One of the biggest hurdles facing any investor is staying disciplined in the face of short term rallies or sell-offs. The manic nature of the markets often puts individual investors at a disadvantage because they end up whipsawed by short term moves higher or lower.
This is one reason systematic trading is a core characteristic of those legends interviewed by Jack Schwager in his original Market Wizards book. It's also the driving reason institutional clients subscribe to my firm's research, which uses a systematic approach to rank 1800 stocks every week.
The screens are designed to evaluate the likelihood of stocks outperforming the market.
By combining the key price drivers across both fundamental and technical analysis, investors gain greater clarity and earlier insight. They're also able to stay laser focused on themes by aggregating individual stock scores by sector. The inputs for scores include EPS beats, EPS growth, insider buying, contra short interest, valuation, short and long term momentum and seasonality.
In the most recent week, defensive sectors continue to score highest, reflecting typical summer de-risking. The strongest sector is utilities (XLU), which not only offers Treasury beating dividend yields but benefits from higher electricity demand tied to hot summer weather. Among the best scoring large cap utilities are Xcel (XEL), Duke Energy (DUK) and American Electric (AEP).
Monthly, the Association of American Railroads puts out an economist friendly treasure trove of data. In this month's issue, they included the following chart, which shows the percentage jump in cooling degree days in states heavily reliant on coal for electricity production.
click to enlarge
Healthcare (XLV) also remains strong scoring thanks to its historically defensive nature. Biotech was one of the best performing baskets in June and July, with the iShare Biotech ETF (IBB) outpacing the SPY by 3.47%.
This market beating performance is common for the basket, as July is historically its best month for generating excess return. Investors typically shy away from earnings risk during the month, choosing instead to focus on news flow risk. This year was no different, with high profile PDUFA dates for Vivus (VVUS), Amarin (AMRN) and Arena (ARNA) driving interest.
Just as biotech is historically a top performer in July, pharmaceuticals like Pfizer (PFE), Abbott (ABT) and Astrazeneca (AZN), typically produce their biggest run of outperformance in August and September. As biotech hands off healthcare leadership to its bigger, dividend-paying drug cousins, investors are likely to benefit from buying down days in the industry.
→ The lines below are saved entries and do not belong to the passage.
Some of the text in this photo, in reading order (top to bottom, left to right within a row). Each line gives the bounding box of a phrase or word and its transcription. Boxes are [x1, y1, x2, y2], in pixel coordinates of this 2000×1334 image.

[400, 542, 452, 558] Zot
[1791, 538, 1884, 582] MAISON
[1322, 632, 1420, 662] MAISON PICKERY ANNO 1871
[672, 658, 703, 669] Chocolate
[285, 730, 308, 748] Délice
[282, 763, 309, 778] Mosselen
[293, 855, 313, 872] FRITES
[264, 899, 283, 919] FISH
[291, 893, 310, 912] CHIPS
Financials also score above average, which may seem odd in the wake of JP Morgan's (JPM) whale and Knight's (KCG) algo implosion. However, keep in mind the sector is broader than simply banks. Most of the groups strength comes from property & casualty insurers like Allstate (ALL) and real estate investment trusts such as Boston Properties (BXP).
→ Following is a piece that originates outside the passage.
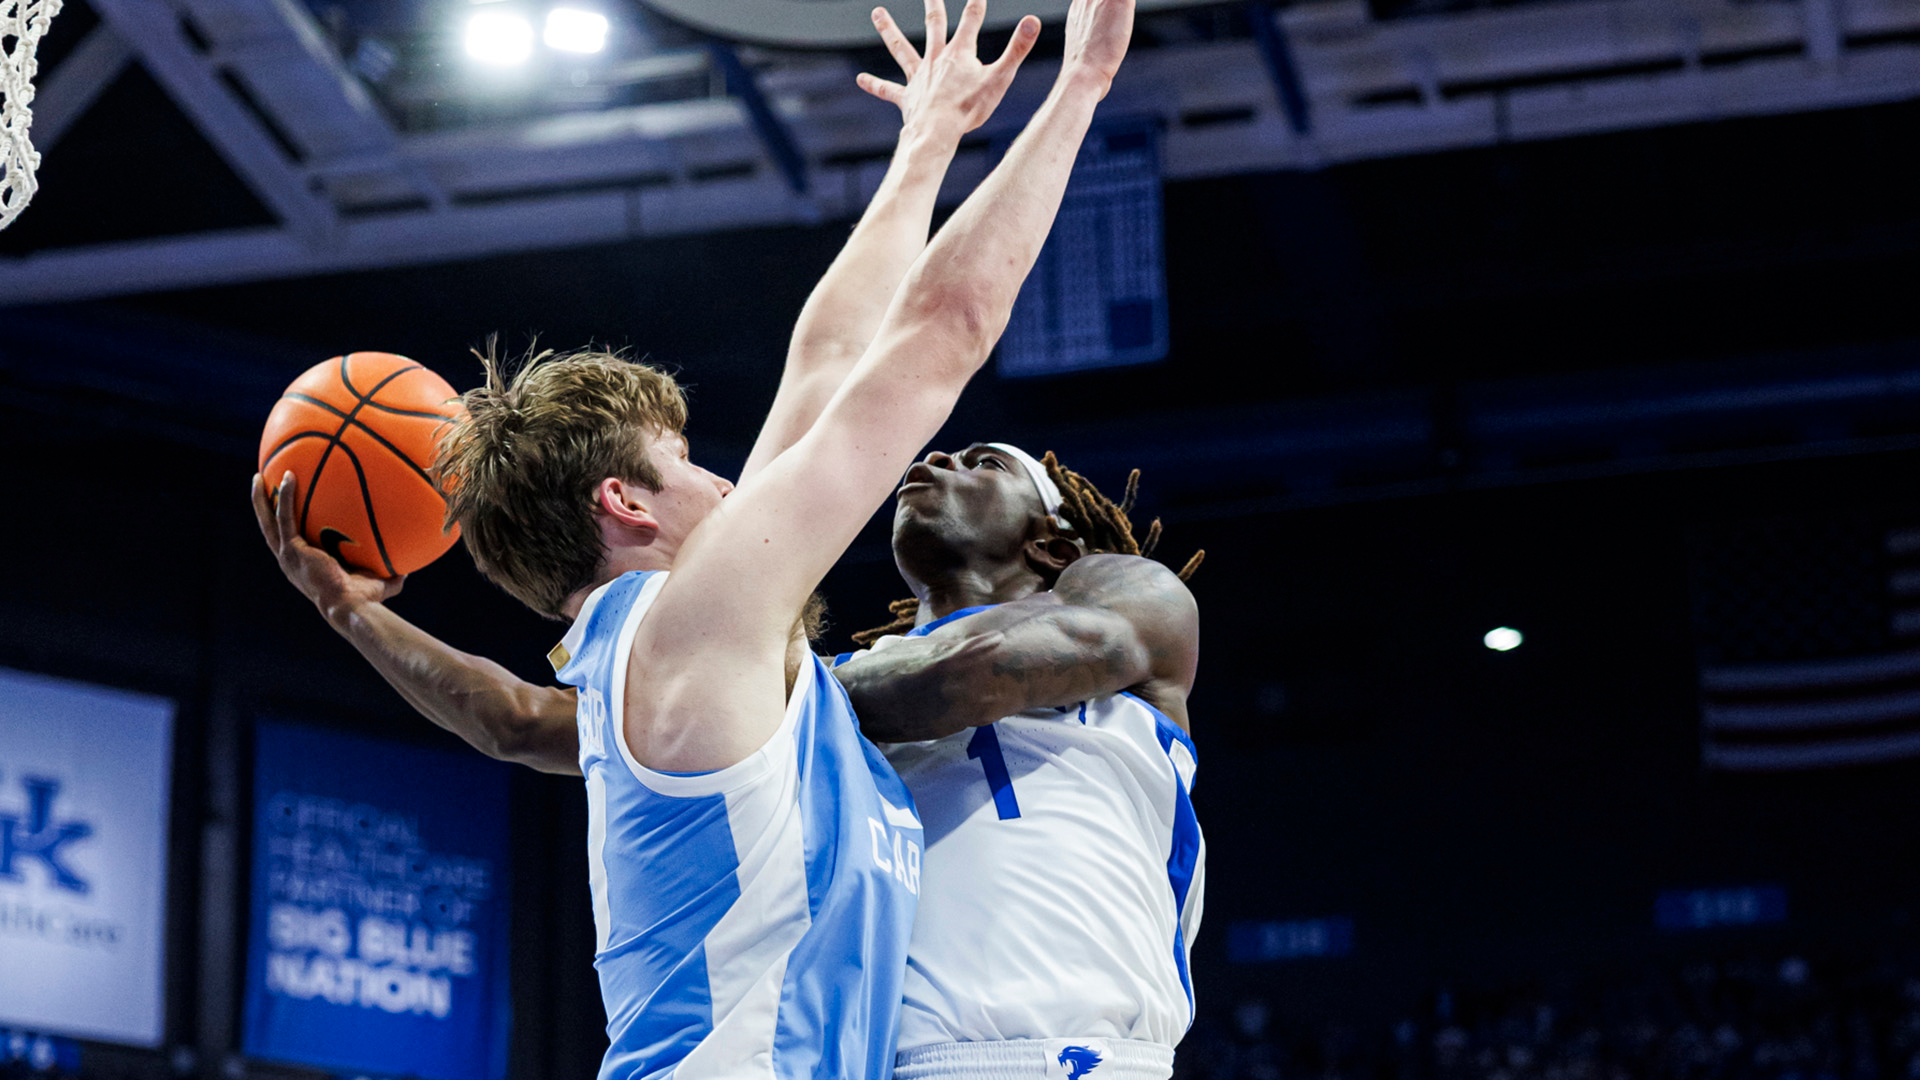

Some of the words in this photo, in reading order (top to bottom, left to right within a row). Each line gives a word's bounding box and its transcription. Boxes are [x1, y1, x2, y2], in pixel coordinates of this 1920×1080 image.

[966, 723, 1022, 821] 1
[267, 899, 351, 957] BIG
[357, 914, 477, 976] BLUE
[265, 950, 452, 1019] NATION
The insurance (KIE) sector typically performs well through summer storm season as damage typically results in higher premiums and rising demand for coverage. The ongoing drought and its impact on corn will trigger many farmers to plough fields under. Those under-insured won't fail to make the same mistake next season, even if it means paying higher prices.
As for REITs (RWR) (IYR), much like in utilities investors continue to search for Treasury beating yields. Low financing rates have helped REITs restructure maturities and finance new development and acquisitions. And, as vacancy trends have improved, so have effective rents. All of this is translating into FFO growth.
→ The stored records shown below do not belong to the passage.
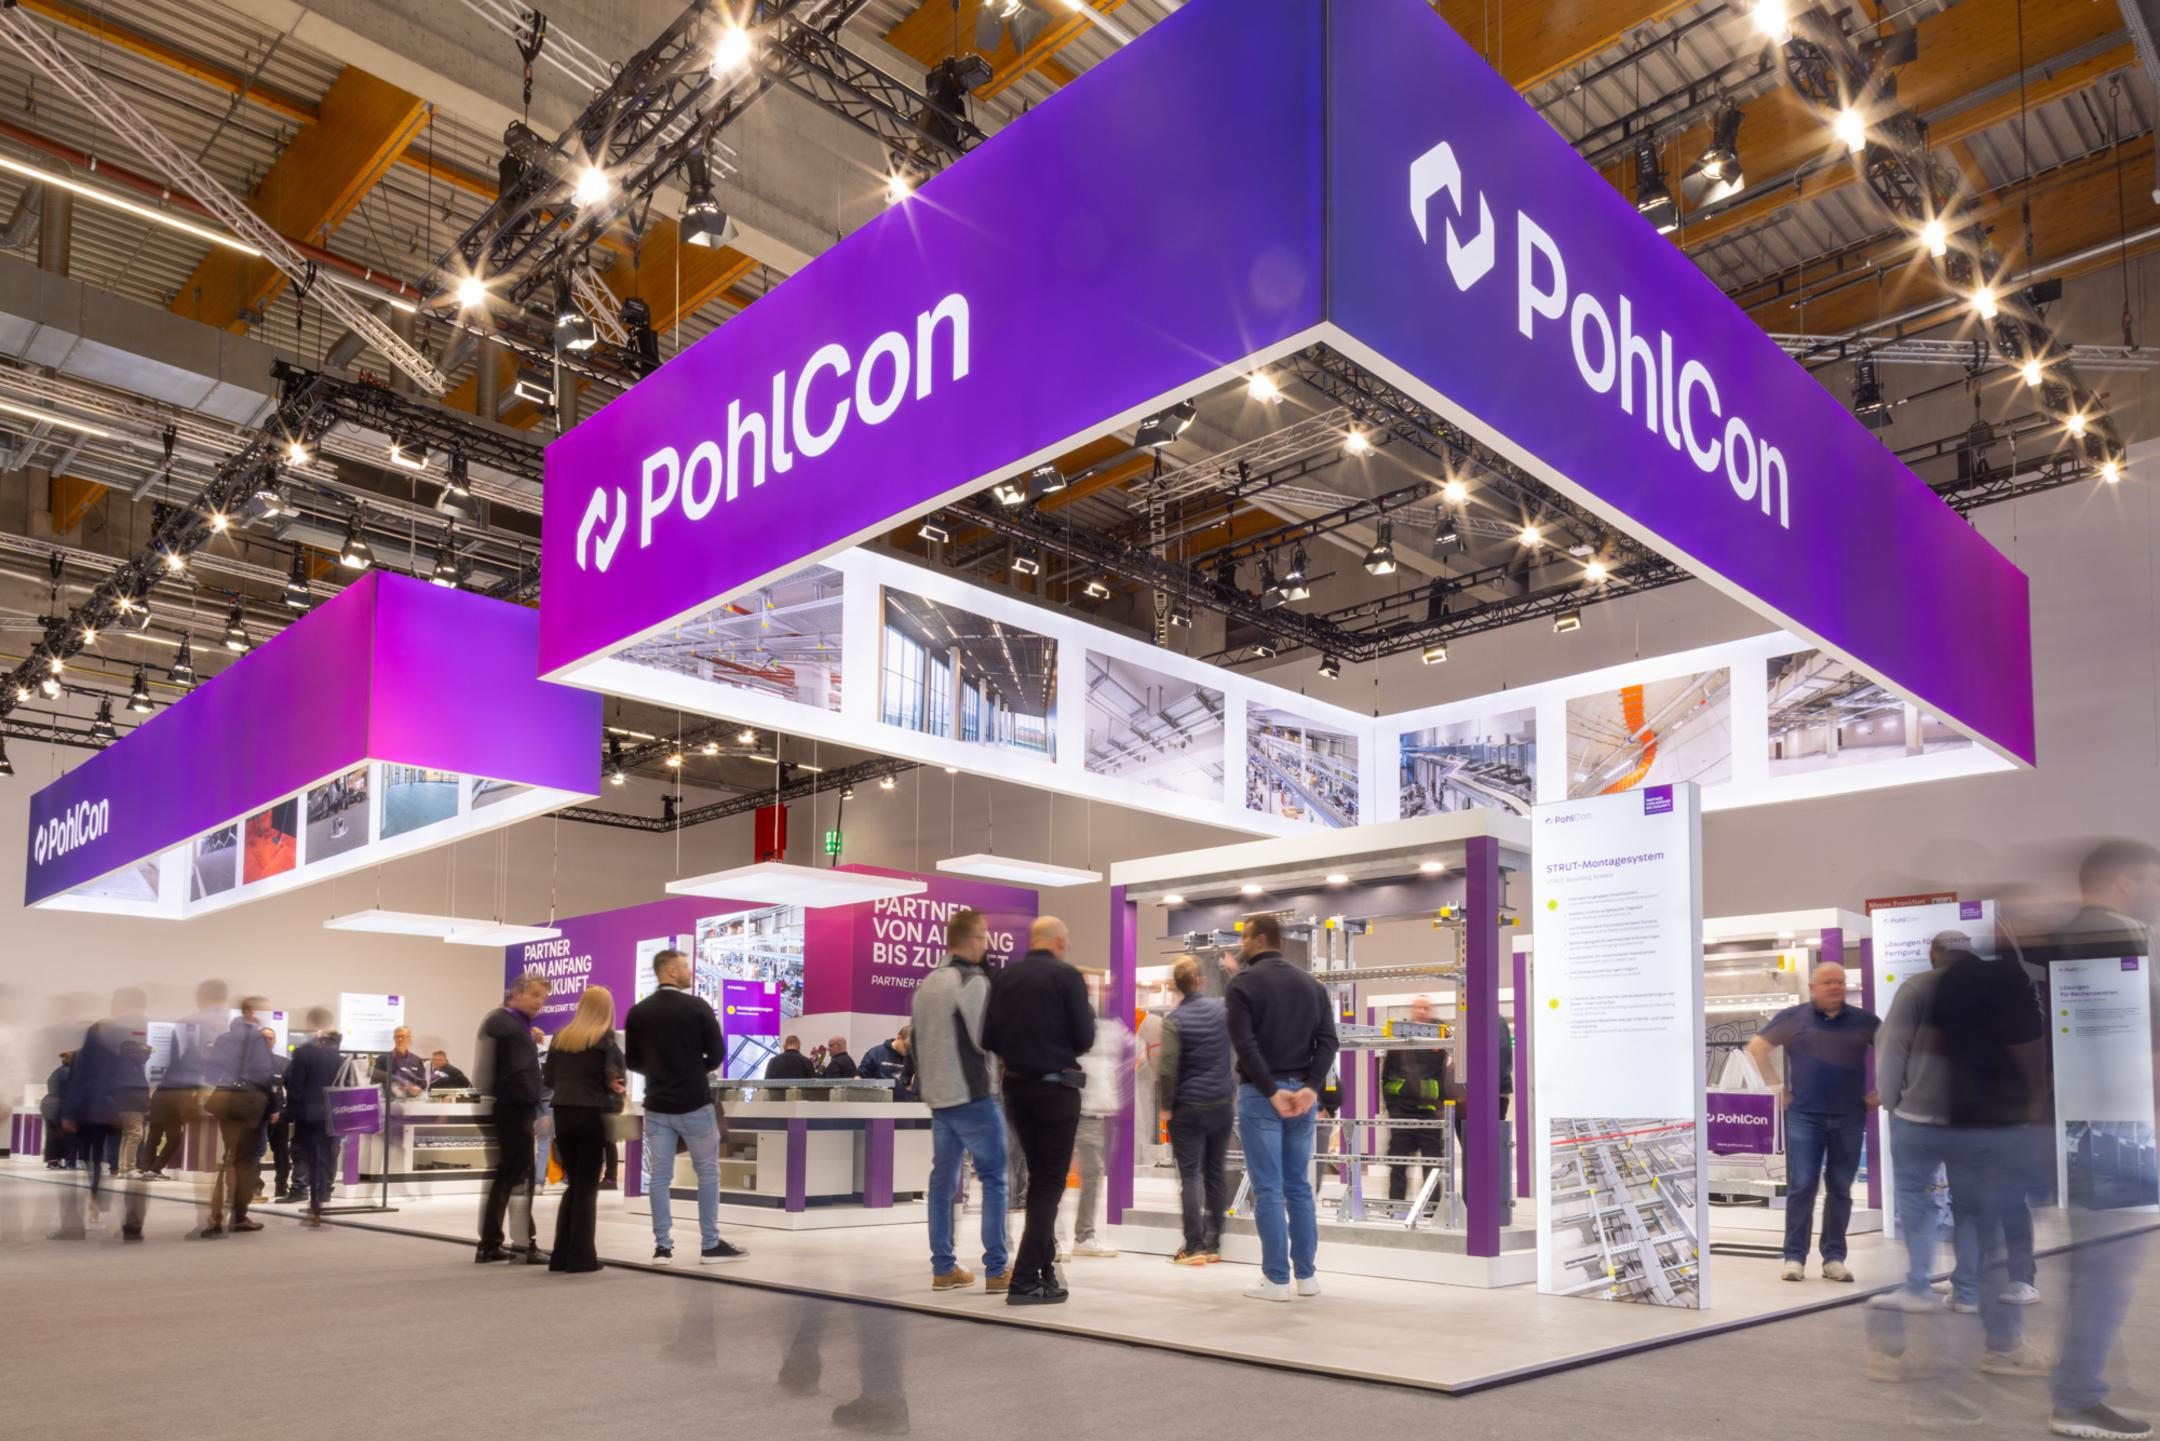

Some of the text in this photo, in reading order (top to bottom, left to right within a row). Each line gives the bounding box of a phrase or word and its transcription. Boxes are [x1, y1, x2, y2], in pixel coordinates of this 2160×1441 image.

[1518, 209, 1789, 530] PohlCon
[640, 293, 970, 548] PohlCon
[48, 798, 109, 861] PohlCon
[1554, 812, 1592, 824] PohlCon
[1546, 851, 1664, 874] STRUT-Montagesystem
[873, 917, 922, 943] VON
[524, 939, 571, 961] PARTNER
[873, 942, 908, 965] BIS
[523, 955, 592, 979] VON ANFANG
[871, 975, 915, 988] PARTNER
[1717, 1113, 1768, 1126] PohlCon
As for weak sectors, it shouldn't surprise long term investors to see technology among the poorest scoring. The group is notoriously troubled in summer and this year is no exception. But, as I wrote here, there's a silver lining in summer's typical weakness. For those able to patiently accumulate through quarter end, technology stocks - particularly software stocks (IGV) - tend to finish October higher than they start August.
Arming yourself with a systematic approach to measuring markets, sectors and industries may help keep you focused and less likely to chase short term moves. For now, keeping focused on utilities and healthcare, buying insurers and REITs in financials and slowly accumulating technology through quarter end appear to be your best bet for market beating upside.